What is Prorogation and why does Harper want it?

by Tina Kells | December 4, 2008 at 08:57 am

608 views | 22 Recommendations | 10 comments

Stephen Harper is facing a vote of non-confidence in Parliament and is trying to ward off an opposition coalition. In a last bid to stop this from happening he has asked Governor General Michaelle Jean for a prorogation.

This begs the question... what exactly is prorogation

Wikipedia explains:

A prorogation is the period between two sessions of a legislative body. When a legislature or parliament is prorogued, it is still constituted (that is, all members remain as members and a general election is not necessary), but all orders of the body (bills, motions, etc.) are expunged. (In the British parliament, this has now changed somewhat in that Public Bills can be carried over from one session to another.)

In the British and Canadian parliamentary systems, this is usually due to the completion of the agenda set forth in the Speech from the Throne (in the UK, called the legislative programme, and also "the Queen's Speech").

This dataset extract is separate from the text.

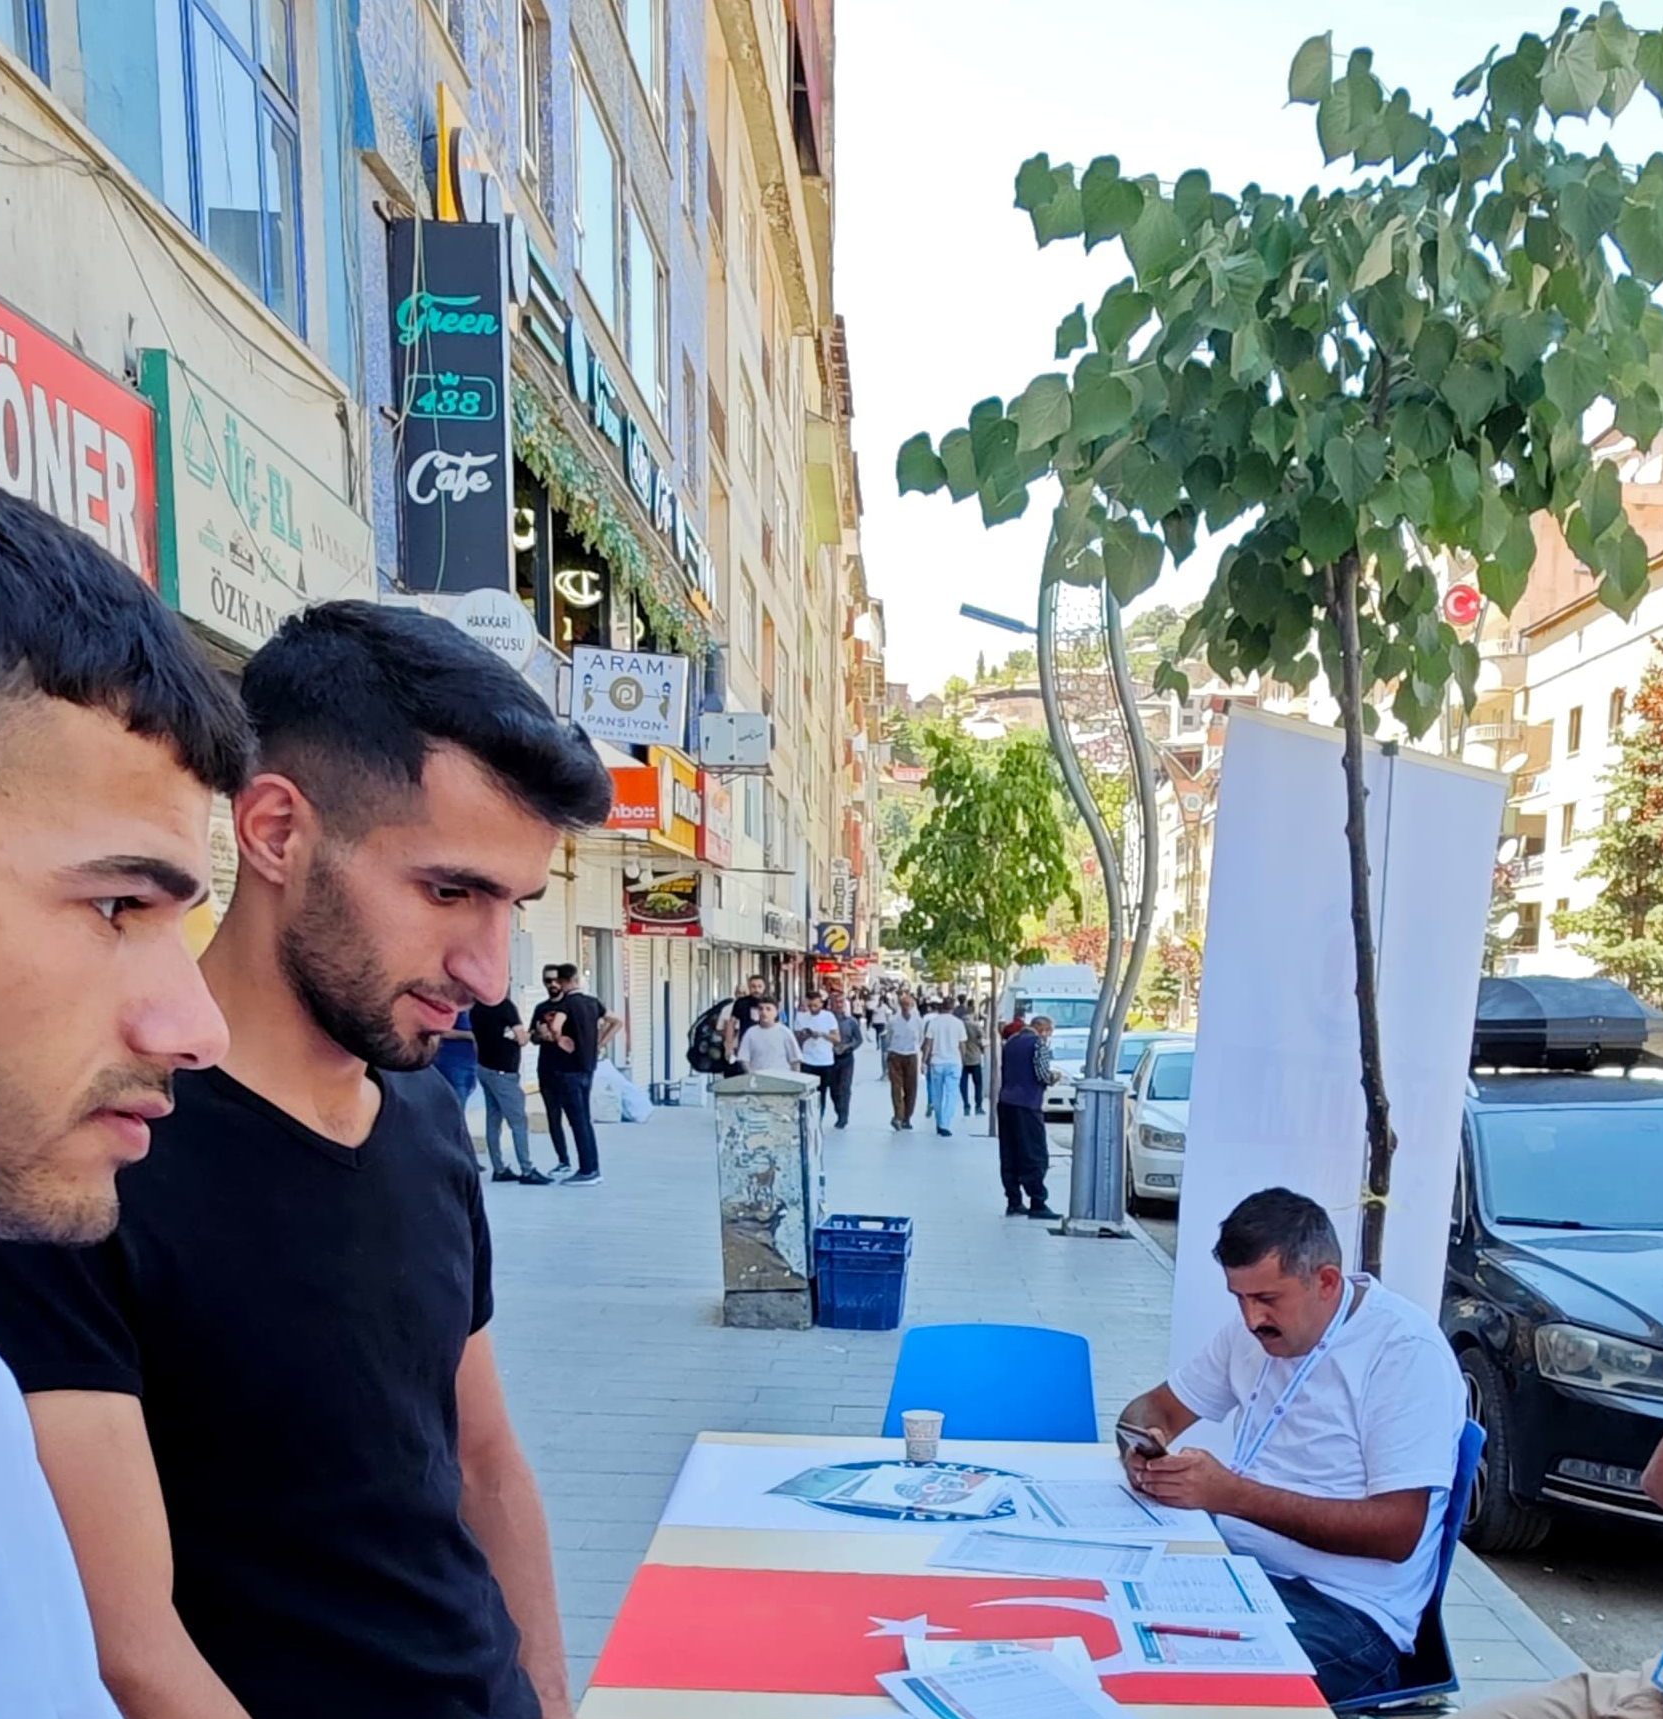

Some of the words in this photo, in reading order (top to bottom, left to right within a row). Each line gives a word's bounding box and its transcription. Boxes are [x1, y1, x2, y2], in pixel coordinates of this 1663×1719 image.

Legislatures and parliaments, once prorogued, remain in recess until summoned again by the Queen, Governor General, or Lieutenant Governor, and a new session is begun with the State Opening of Parliament and the Speech from the Throne.

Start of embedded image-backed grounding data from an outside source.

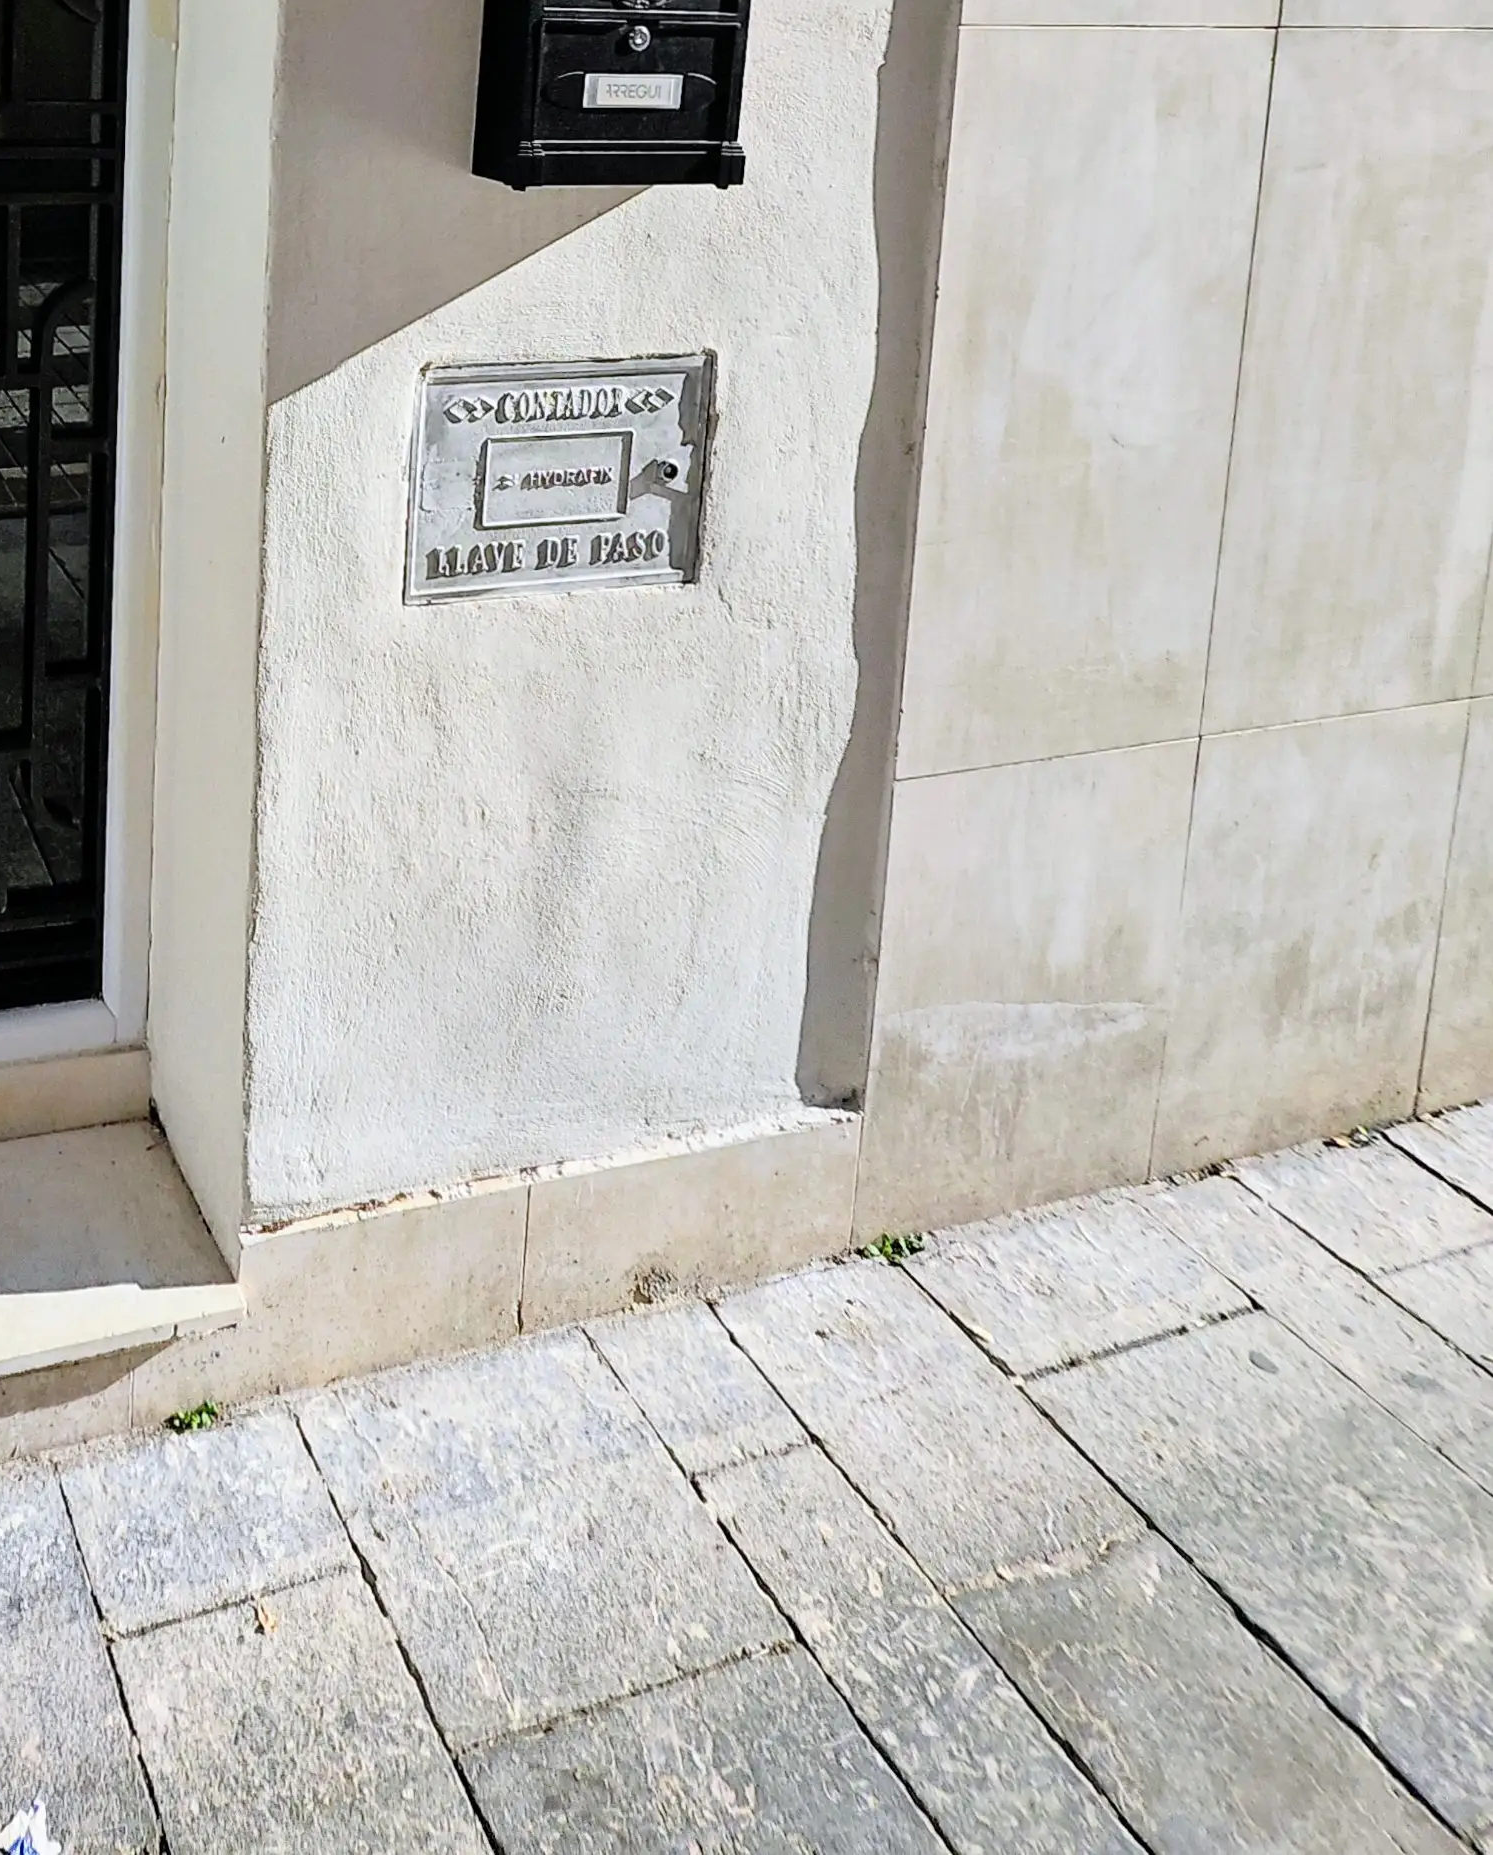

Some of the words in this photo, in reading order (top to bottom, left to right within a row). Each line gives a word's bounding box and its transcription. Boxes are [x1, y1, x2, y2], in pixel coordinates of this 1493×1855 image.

[605, 83, 662, 99] ARREGUI
[496, 387, 625, 423] CONTADOR
[427, 539, 524, 579] LLAVE
[537, 535, 580, 570] DE
[590, 530, 668, 565] PASO

In short, prorogation means that Stephen Harper is asking for parliament to be suspended to buy his Conservative government some time.

Prime Minister Stephen Harper has formally asked the Governor General to shut down Parliament until January.

It's a bid to avoid Monday's non-confidence vote that would bring down his minority Conservative government.

Harper - his job on the line - has spent nearly two hours at Rideau Hall today talking with Michaelle Jean.

He cancelled an afternoon appearance in Woodstock, Ont., as the critical meeting dragged on.

The Governor General has already been consulting with constitutional experts about her options, but it's unclear when she will announce her decision.

The opposition coalition told Jean that Harper no longer enjoys the confidence of the House of Commons and asked her to refuse prorogation.

The Liberal and NDP leaders have requested a meeting with Jean before she makes her decision.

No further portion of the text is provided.